▼
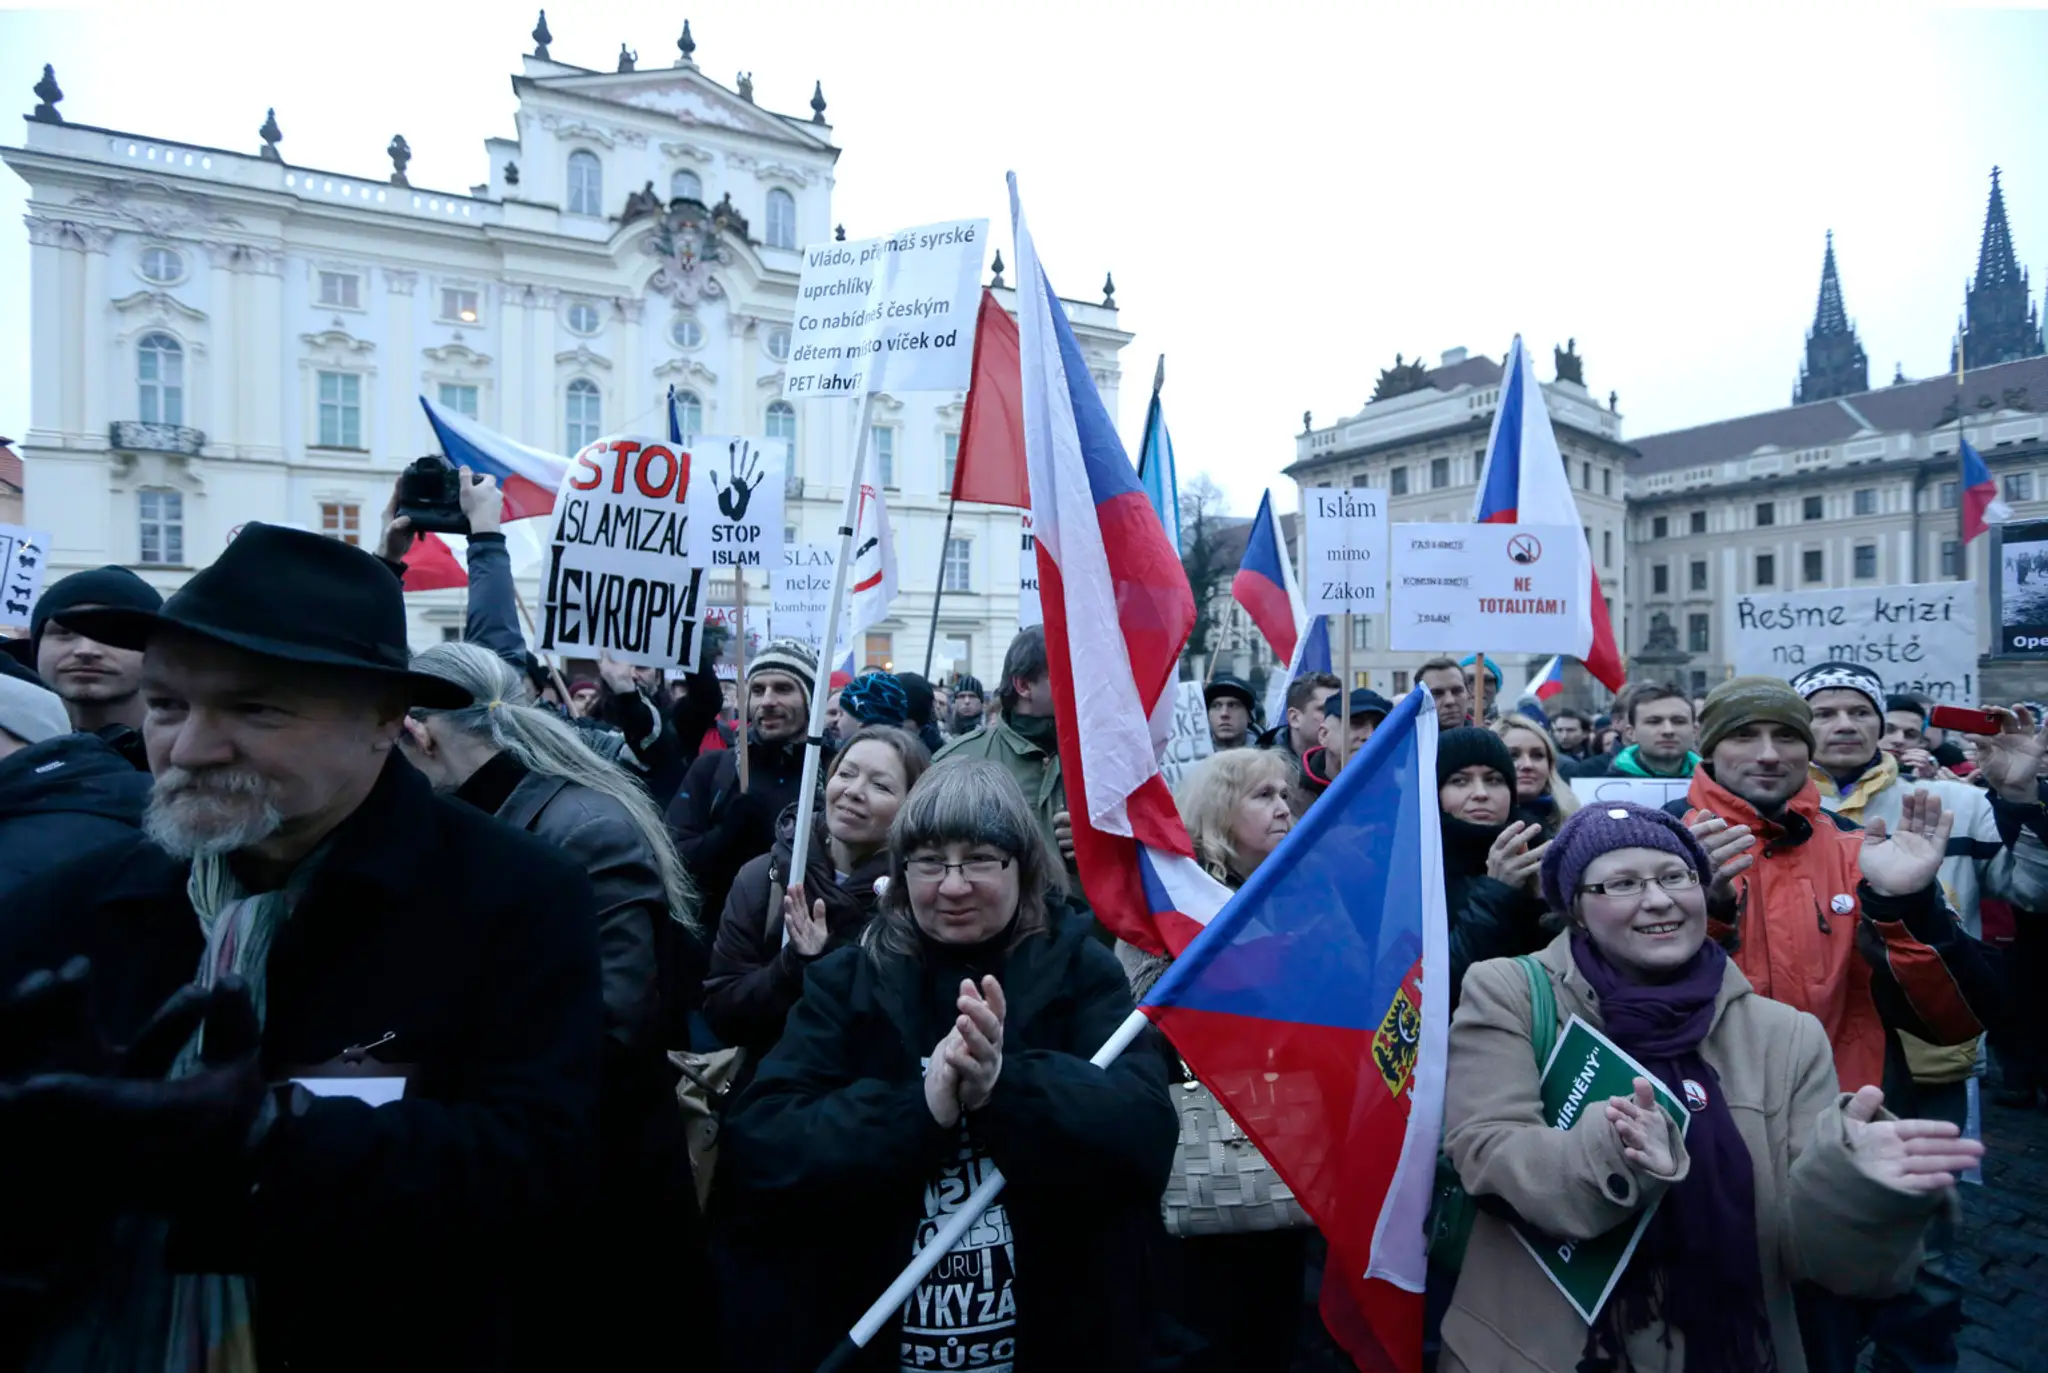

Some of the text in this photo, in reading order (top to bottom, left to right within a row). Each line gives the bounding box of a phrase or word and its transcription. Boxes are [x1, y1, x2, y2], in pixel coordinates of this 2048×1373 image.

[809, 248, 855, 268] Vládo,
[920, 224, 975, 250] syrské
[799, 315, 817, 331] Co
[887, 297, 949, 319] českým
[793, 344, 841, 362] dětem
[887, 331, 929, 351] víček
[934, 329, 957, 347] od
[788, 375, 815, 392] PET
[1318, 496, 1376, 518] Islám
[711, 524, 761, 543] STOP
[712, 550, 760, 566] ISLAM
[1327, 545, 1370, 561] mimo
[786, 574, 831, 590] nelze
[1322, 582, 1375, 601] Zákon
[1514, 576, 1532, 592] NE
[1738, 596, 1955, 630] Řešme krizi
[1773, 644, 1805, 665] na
▲
**Assignment:** Although the records above include pictures, the copy must contain only their exact text.

**Answer box:**
Some of the text in this photo, in reading order (top to bottom, left to right within a row). Each line gives the bounding box of a phrase or word and its transcription. Boxes are [x1, y1, x2, y2], in pixel coordinates of this 2048×1373 image.

[809, 248, 855, 268] Vládo,
[920, 224, 975, 250] syrské
[799, 315, 817, 331] Co
[887, 297, 949, 319] českým
[793, 344, 841, 362] dětem
[887, 331, 929, 351] víček
[934, 329, 957, 347] od
[788, 375, 815, 392] PET
[1318, 496, 1376, 518] Islám
[711, 524, 761, 543] STOP
[712, 550, 760, 566] ISLAM
[1327, 545, 1370, 561] mimo
[786, 574, 831, 590] nelze
[1322, 582, 1375, 601] Zákon
[1514, 576, 1532, 592] NE
[1738, 596, 1955, 630] Řešme krizi
[1773, 644, 1805, 665] na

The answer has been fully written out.